Analyzing Java applications performance with async-profiler in HAQM EKS

This blog was authored by Sascha Möllering, Principal Specialist Solutions Architect Containers and Yuriy Bezsonov, Senior Partner Solutions Architect.

Introduction

Container startup performance presents a significant challenge for Java applications running on Kubernetes, particularly during scaling events and recovery scenarios. Although Java remains a top choice for both legacy modernization and new microservices development, especially with frameworks such as Spring Boot or Quarkus, containerized Java applications often face unique challenges around startup times and runtime behavior.

Performance profiling in containerized Java applications has long presented significant challenges. Async-profiler, a lightweight sampling solution from the HAQM Corretto team, offers an interesting approach for Java workloads running on HAQM Elastic Kubernetes Service (HAQM EKS). Eliminating traditional Safepoint bias issues (more information about Java Safepoint can be found in this post) enables more accurate performance analysis.

In this post we explore practical implementations for both on-demand and continuous profiling scenarios, using the Mountpoint for HAQM S3 Container Storage Interface (CSI) driver to efficiently manage profiling data in your Kubernetes environment.

Solution overview

To avoid depending upon the JVM reaching a safepoint before profiling, async-profiler features HotSpot-specific APIs to collect stack traces. It works with OpenJDK and other Java runtimes based on the HotSpot JVM.

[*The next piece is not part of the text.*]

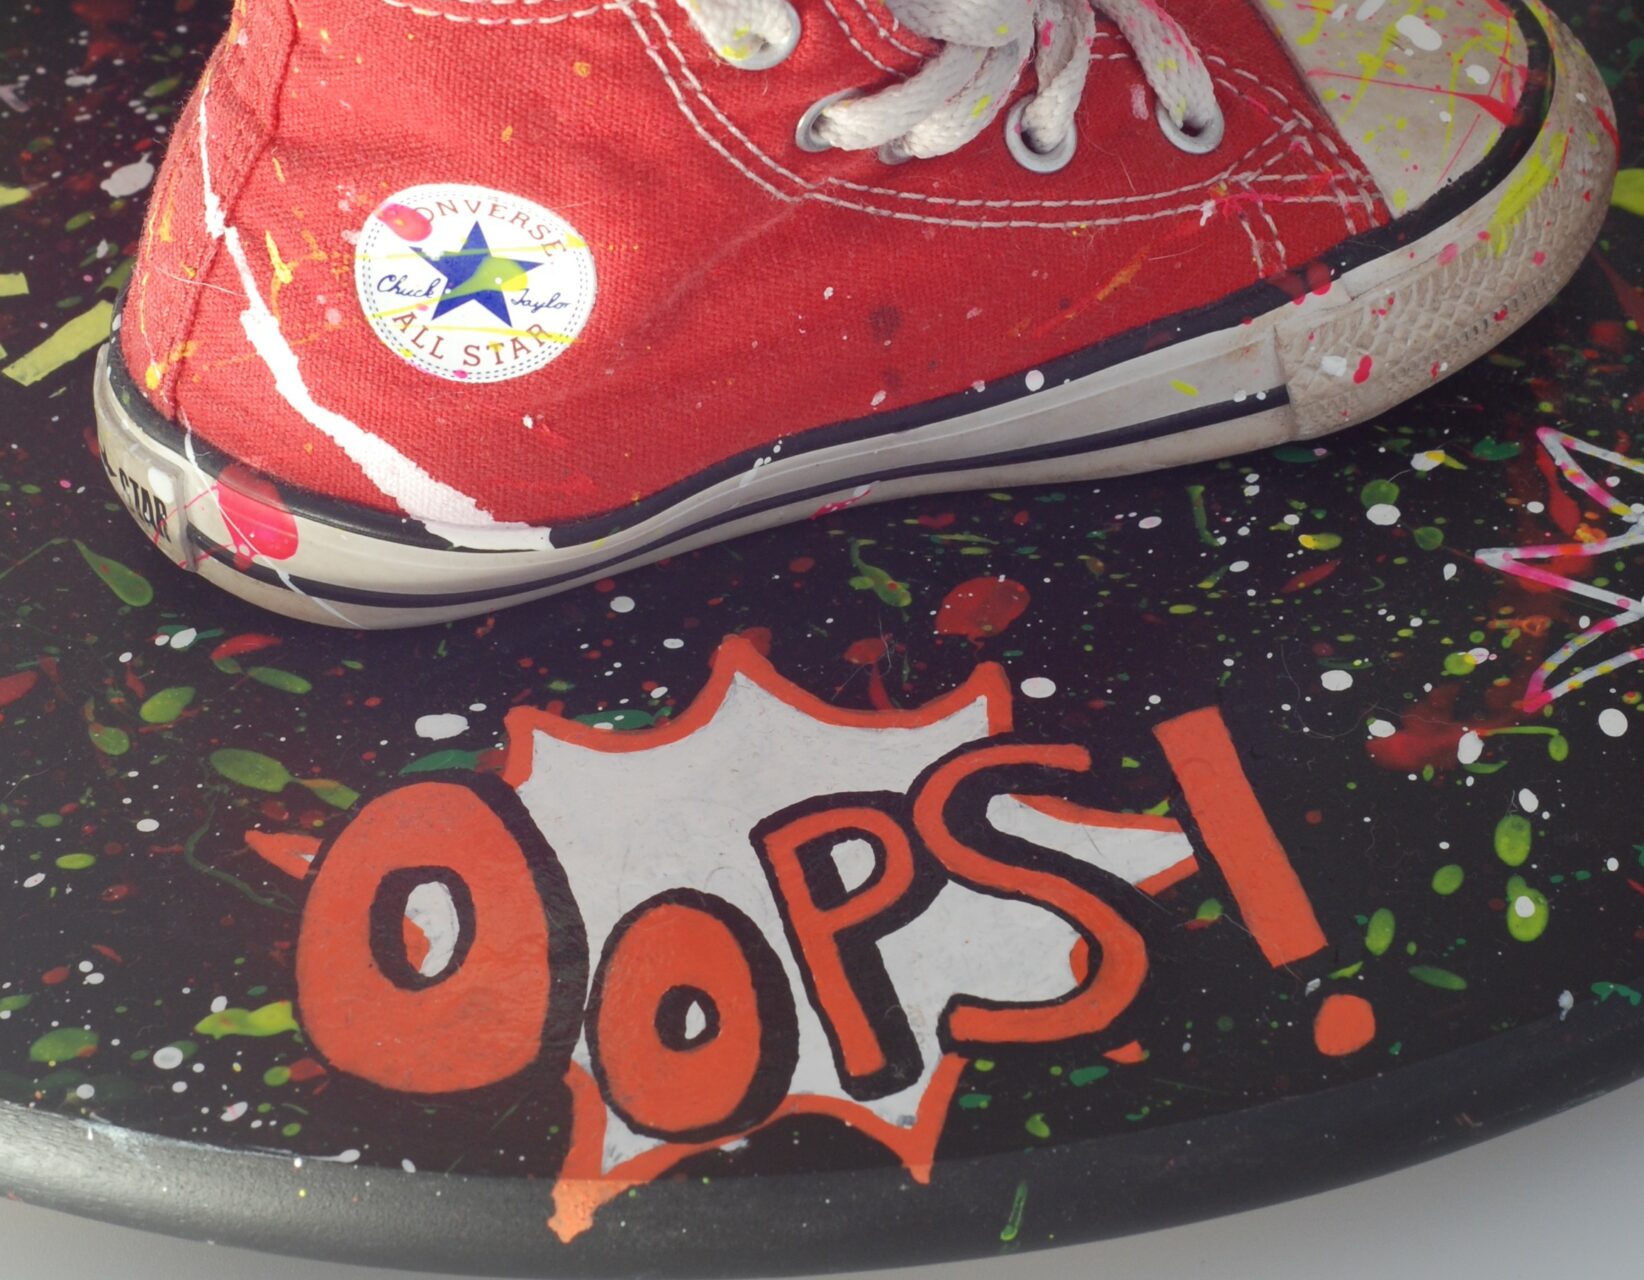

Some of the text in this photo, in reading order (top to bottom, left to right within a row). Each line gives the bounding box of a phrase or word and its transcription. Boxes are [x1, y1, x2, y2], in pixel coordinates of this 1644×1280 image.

async-profiler can trace the following kinds of events:

CPU cycles.
Hardware and Software performance counters such as cache misses, branch misses, page faults, context switches, etc.
Allocations in Java Heap.
Contented lock attempts, such as both Java object monitors and ReentrantLocks.
Wall-clock time (also called wall time), which is the time it takes to run a block of code.

We use UnicornStore as an example of a Java application to be profiled, as shown in the following figure. The UnicornStore is a Spring Boot 3 Java Application that provides RESTful API. It stores data in a relational database running on HAQM Aurora Serverless with HAQM Relational Database Service (HAQM RDS) for Postgres engine and afterward publishes an event about performed actions to HAQM EventBridge .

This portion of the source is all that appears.